Insurers are also starting to see more damage claims, although at this point, just weeks into the war and spiking gas prices, the reports are mostly anecdotal, according to the National Association of Mutual Insurance Companies. It takes time to see how bad it is.
“Let’s hope this is a short-term event,” said Brett Odom, the insurance group’s vice president of policy.
Repairs are covered by comprehensive auto policies, experts say.
Drilled-out gas tanks are similar to the occasional wave of stolen catalytic converters, which can be removed from vehicles with power saws and then sold for the precious metals inside, said Bob Passmore, vice president of personal lines for the Property Casualty Insurance Association of America.
That is also an expensive repair.
The shift to drilling holes in fuel tanks comes as the old method of stealing gas fades: siphoning.
In the 1970s, the country’s chronic gas shortage led to people throwing plastic tubing — even garden hoses — into the gas tanks of parked cars to get their fuel out. The image of someone sucking on the end of a tube to initiate suction (and spitting out gas as it reaches the lips) became a pop culture trope.
The trick was annoying, but it didn’t cause permanent damage.
Car owners responded by purchasing locking gas caps and keeping a vigilant eye on their parked vehicles.
Malala said she would have preferred that the thief who hit her pickup had gone the old fashioned way.
“I wish they would just siphon it off,” he said.
But siphoning today is more difficult than yesterday.
Most newer vehicles have narrow, curved filler necks that lead to the gas tank, making it difficult to attach the tube inside. Some vehicles also have internal flappers or baffles to prevent siphoning. And anti-pollution regulations mean fuel systems are often well sealed.
All types of gas theft follow pump prices. Filling stations report more drive-offs, though that, too, has been tougher for prepay pumps. Some people have been arrested for throwing tubes in the underground storage tank at the service station to steal gas. Others have used electronic devices to trick pumps into dispensing fuel for pennies on the dollar.
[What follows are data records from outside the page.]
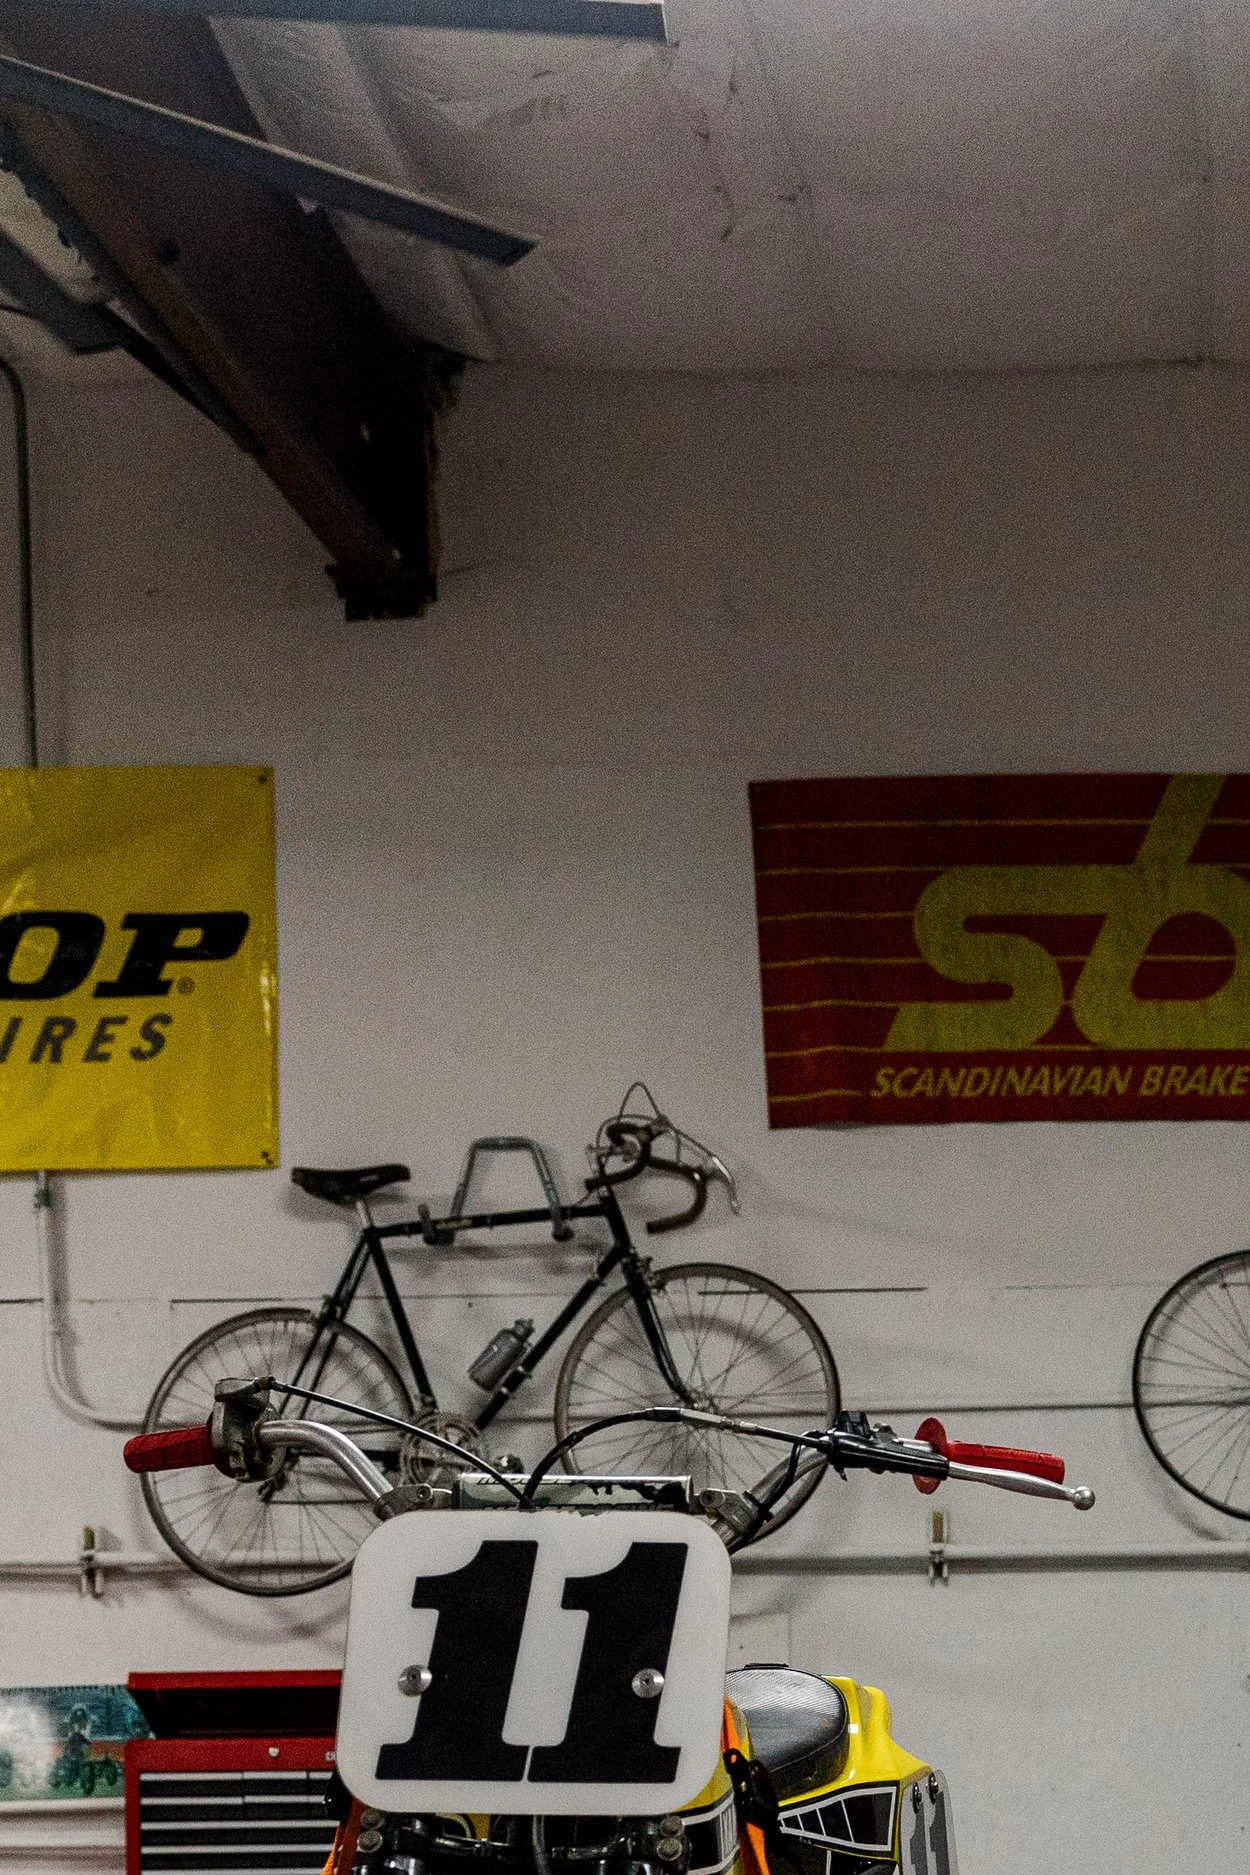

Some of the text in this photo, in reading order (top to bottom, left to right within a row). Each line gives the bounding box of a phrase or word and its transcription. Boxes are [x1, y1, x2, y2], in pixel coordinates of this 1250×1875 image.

[0, 1012, 173, 1064] IRES
[871, 1065, 1133, 1098] SCANDINAVIAN
[1139, 1066, 1249, 1096] BRAKE
[375, 1539, 690, 1783] 11
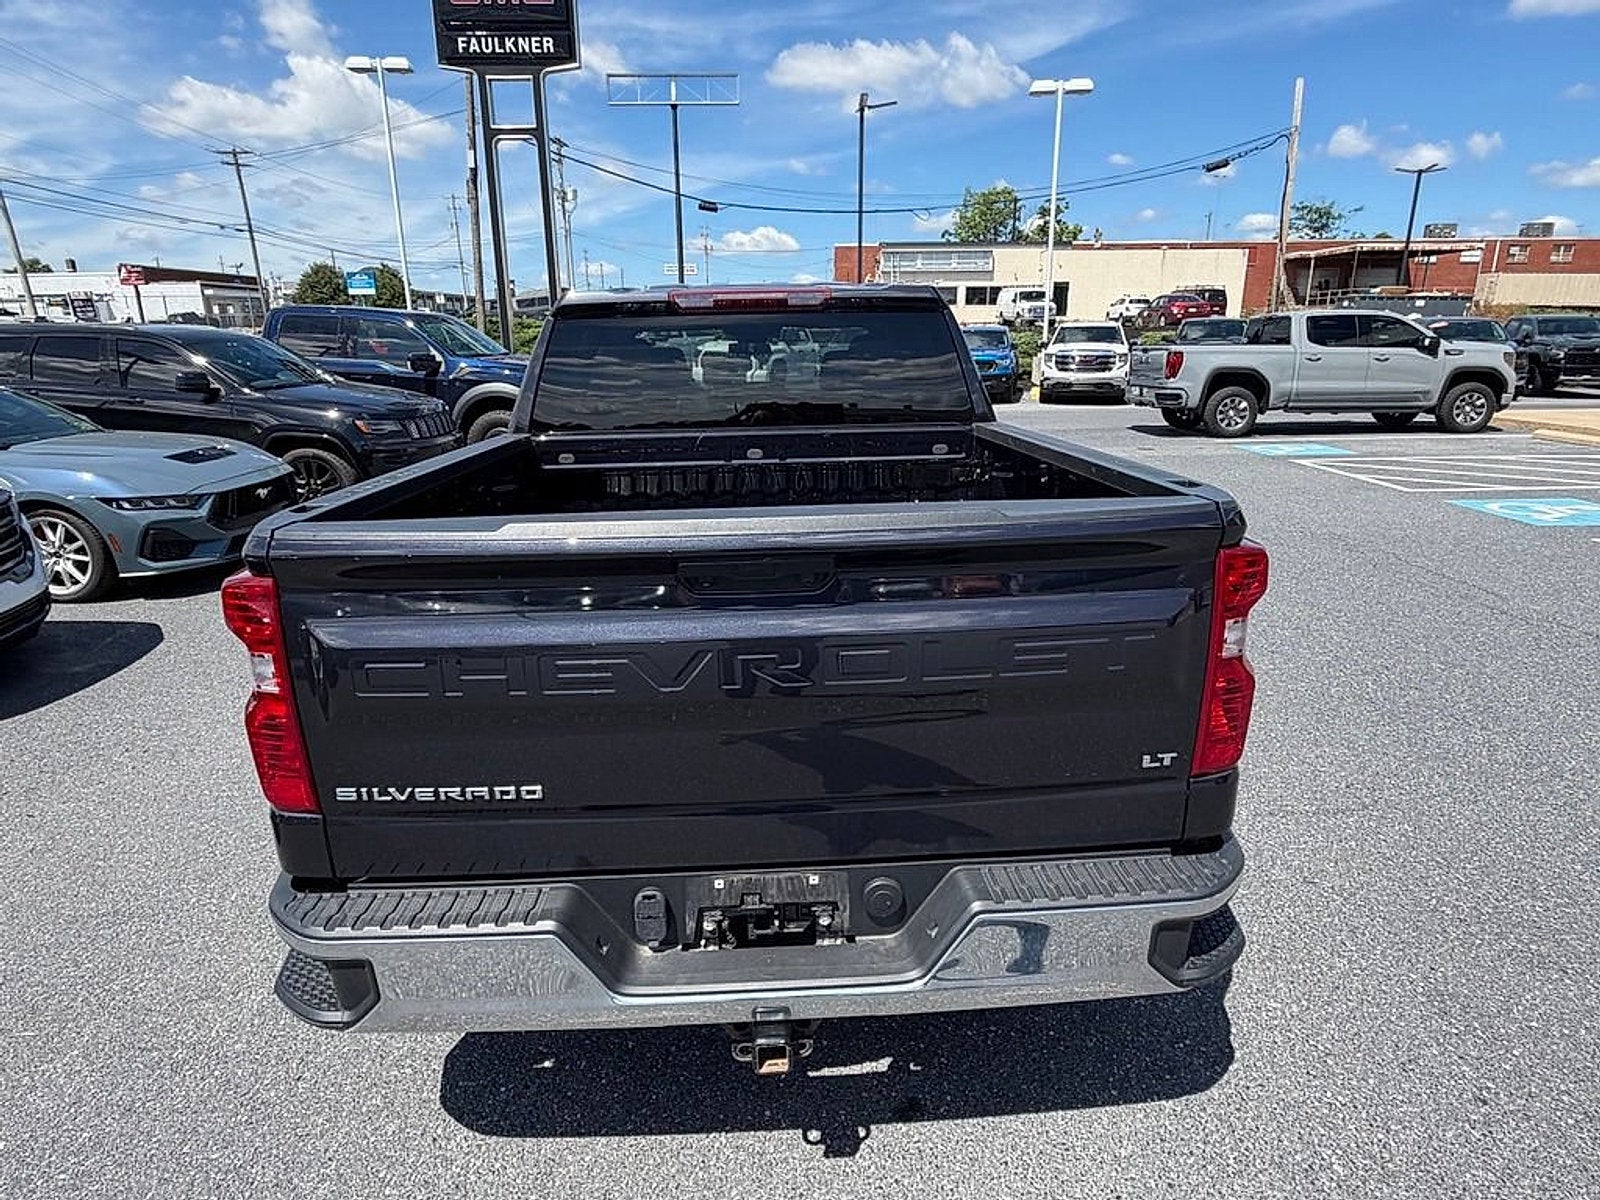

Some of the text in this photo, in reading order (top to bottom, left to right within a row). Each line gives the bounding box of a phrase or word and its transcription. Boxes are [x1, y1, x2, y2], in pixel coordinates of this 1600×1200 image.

At least a decade later there have been sporadic reports of thieves drilling into car gas tanks.
But higher gas prices trigger more incidents, such as when the national average price briefly hit an all-time high of $5 a gallon in mid-2022, following Russia’s full-scale invasion of Ukraine.
Now, high gas prices are back — with consequences.
One morning this month, workers at St. Vincent de Paul, a Catholic charity in St. Louis, noticed a black spot on the ground next to a panel truck they use as a mobile food pantry.
Someone had leaked expensive diesel and put a hole in the gas tank.
Michael Meehan, the charity’s executive director, said they lost a full tank of gas. And the damage means they’ll be without their truck for a while. They had to find a replacement to use for their mobile food pantry in the meantime.
Meehan said he sympathizes with whoever did it.
“It’s just another sign that these are tough times for a lot of people,” he said.
But he wished he had chosen a different path to get what he wanted.
“Siphoning would have saved us some money,” he said.